- [PROMPT]
Omit the pictures found among the records and print everything else exactly as it stands.

- [GIVEN ENTRIES]
↓↓↓

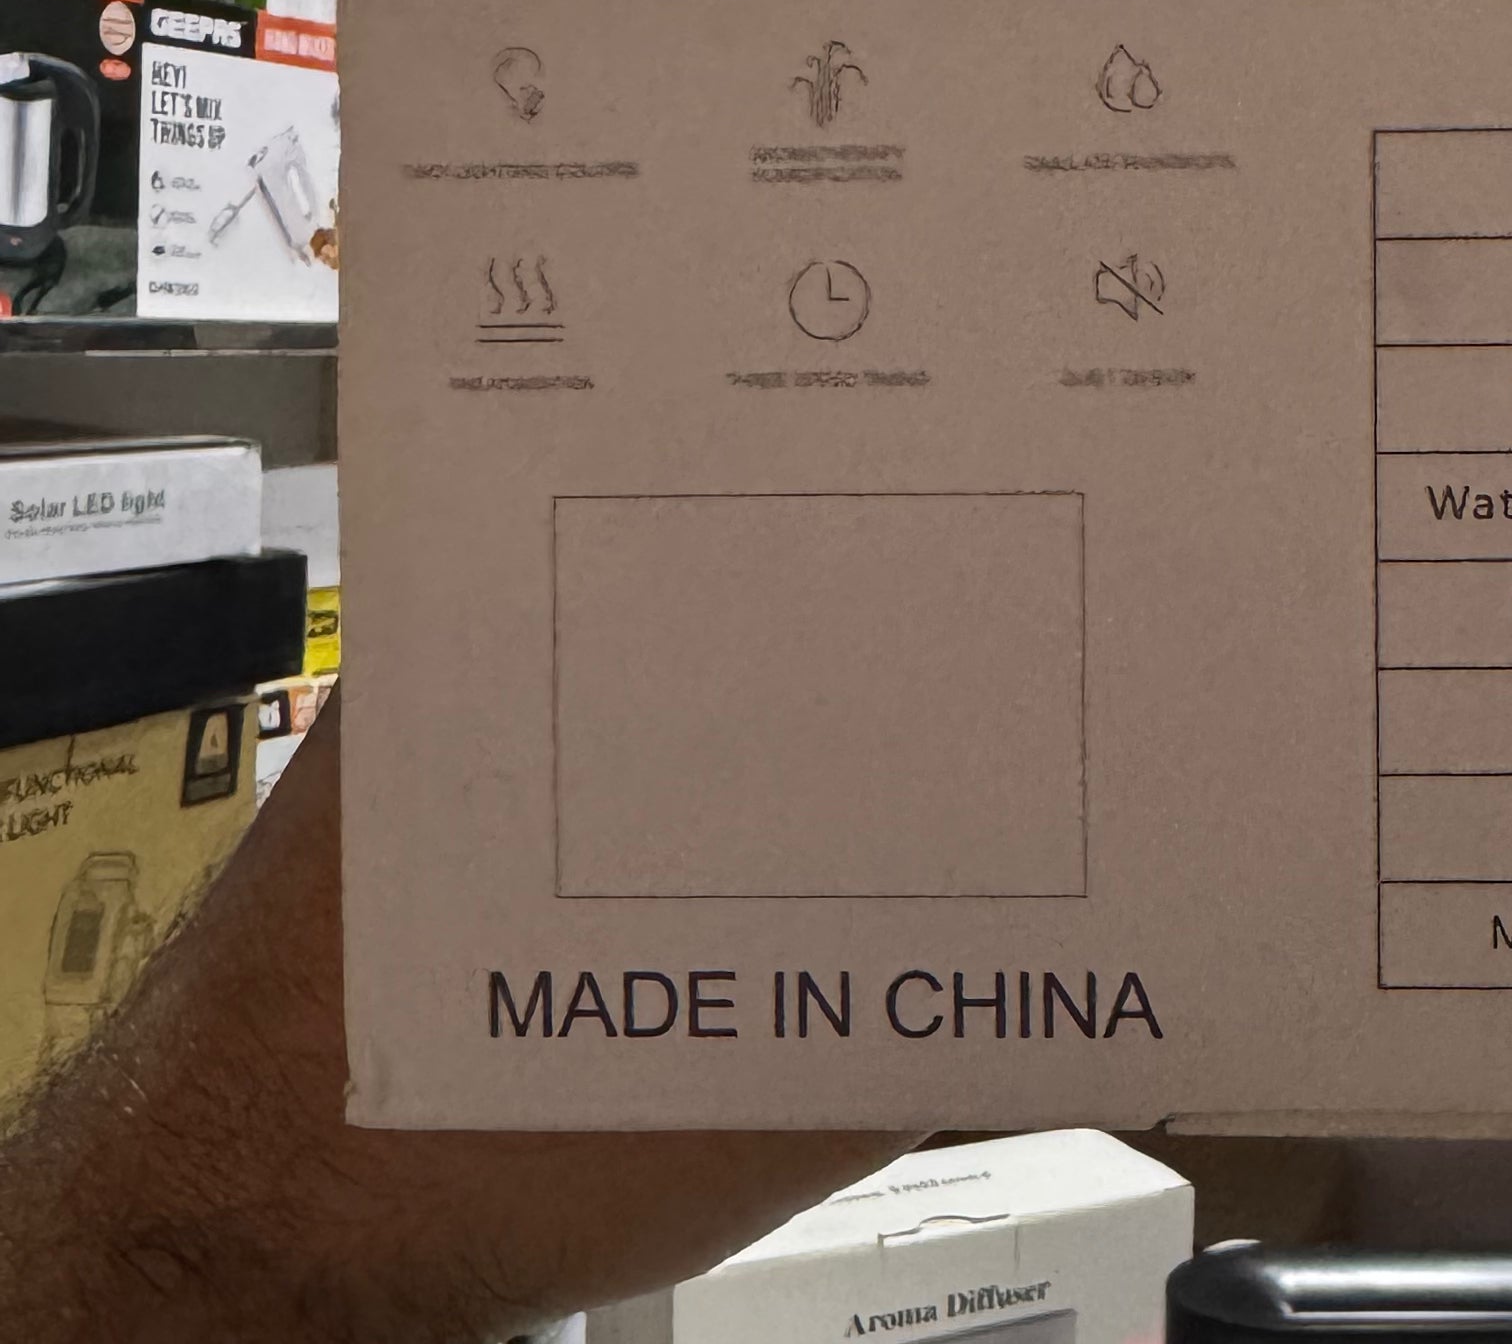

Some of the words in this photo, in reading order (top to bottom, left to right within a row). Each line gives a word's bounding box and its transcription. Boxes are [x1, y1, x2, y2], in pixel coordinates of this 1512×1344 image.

[150, 8, 242, 48] GEEPAS
[151, 90, 193, 118] LET'S
[150, 118, 206, 149] THINGS
[9, 497, 67, 524] Solar
[72, 491, 116, 518] LED
[487, 969, 739, 1040] MADE
[773, 969, 852, 1040] IN
[884, 969, 1165, 1040] CHINA
[843, 1304, 939, 1338] Aroma
[946, 1279, 1052, 1318] Diffuser

↑↑↑

- [WRITTEN SOLUTION]
Some of the words in this photo, in reading order (top to bottom, left to right within a row). Each line gives a word's bounding box and its transcription. Boxes are [x1, y1, x2, y2], in pixel coordinates of this 1512×1344 image.

[150, 8, 242, 48] GEEPAS
[151, 90, 193, 118] LET'S
[150, 118, 206, 149] THINGS
[9, 497, 67, 524] Solar
[72, 491, 116, 518] LED
[487, 969, 739, 1040] MADE
[773, 969, 852, 1040] IN
[884, 969, 1165, 1040] CHINA
[843, 1304, 939, 1338] Aroma
[946, 1279, 1052, 1318] Diffuser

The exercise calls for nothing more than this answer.